Polymer nanoparticles integrated with excited-state intramolecular proton transfer-fluorescent modules as sensors for the detection of vitamin B1

Excited-state intramolecular proton transfer (ESIPT)-exhibiting polymer nanoparticles (e-PNPs) were prepared using 2-hydroxy-5-methylisophthalaldehyde and melamine as reactants. These e-PNPs possess abundant aromatic o-OH, CN and NH2 groups, which are responsible for ESIPT modules and molecular recognition. Compared with small ESIPT compounds, e-PNPs displayed ultrabright luminescence and high fluorescence quantum yield owing to their rich ESIPT-chromophores and appropriate hydrophobic environment for ESIPT reaction.
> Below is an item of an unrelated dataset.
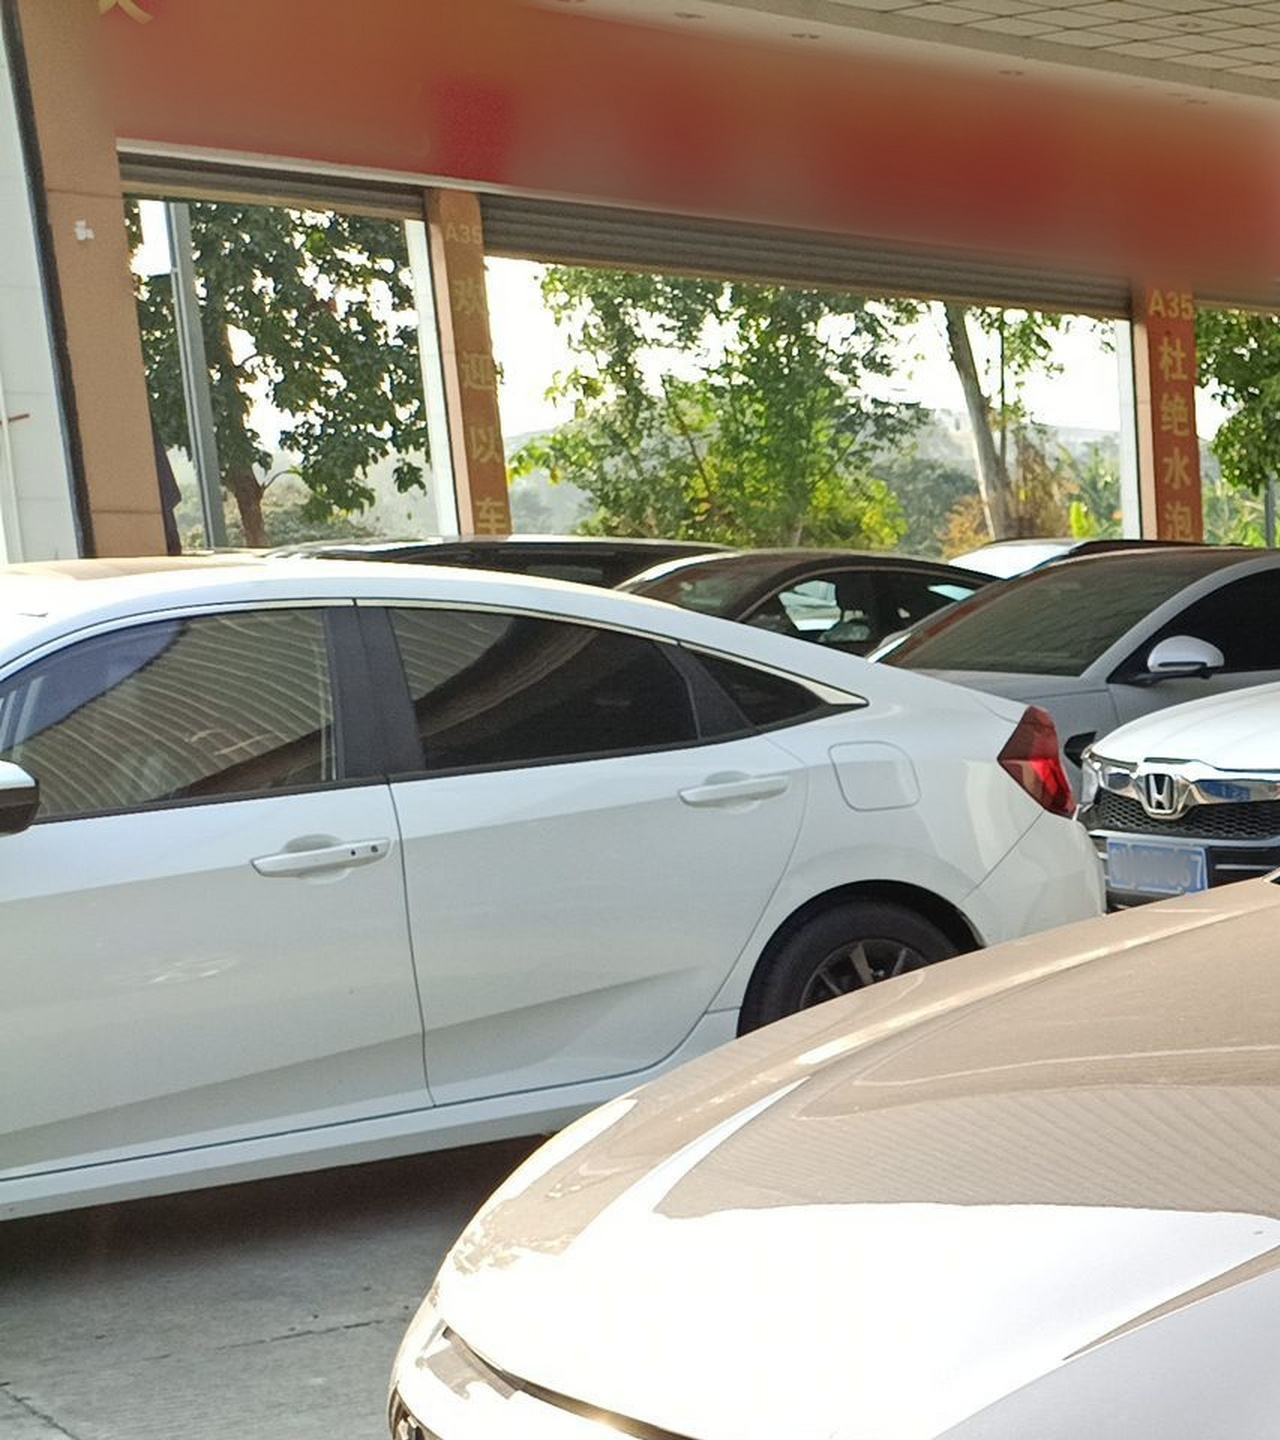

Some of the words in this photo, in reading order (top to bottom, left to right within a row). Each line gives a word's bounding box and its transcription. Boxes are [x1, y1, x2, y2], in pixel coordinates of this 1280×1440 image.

The e-PNPs can emit strong green fluorescence and exhibit typical dual emission in a HEPES buffer (20 mM, pH 7.5). Upon the addition of VB1, the ESIPT reaction of e-PNPs was inhibited, eliciting obvious decrease in ESIPT fluorescence. By making use of this signaling mechanism, a tautomeric fluorescence quenching-based method for detecting VB1 was established. A good linear range of 0.1–25 μM.L−1 was observed, bringing about an excellent detection limit of 2.6 nM.L−1. Moreover, this assay shows good selectivity over other water-soluble vitamins and some biologically related species. The employment of e-PNPs for the determination of VB1 in kiwi and grape juice samples showed remarkable abilities in terms of the simplicity, stability, reproducibility and sensitivity, which conforms its great potential for real sample analysis. Therefore, e-PNPs can offer a simple, highly sensitive and selective sensing model for fluorescence detection of VB1.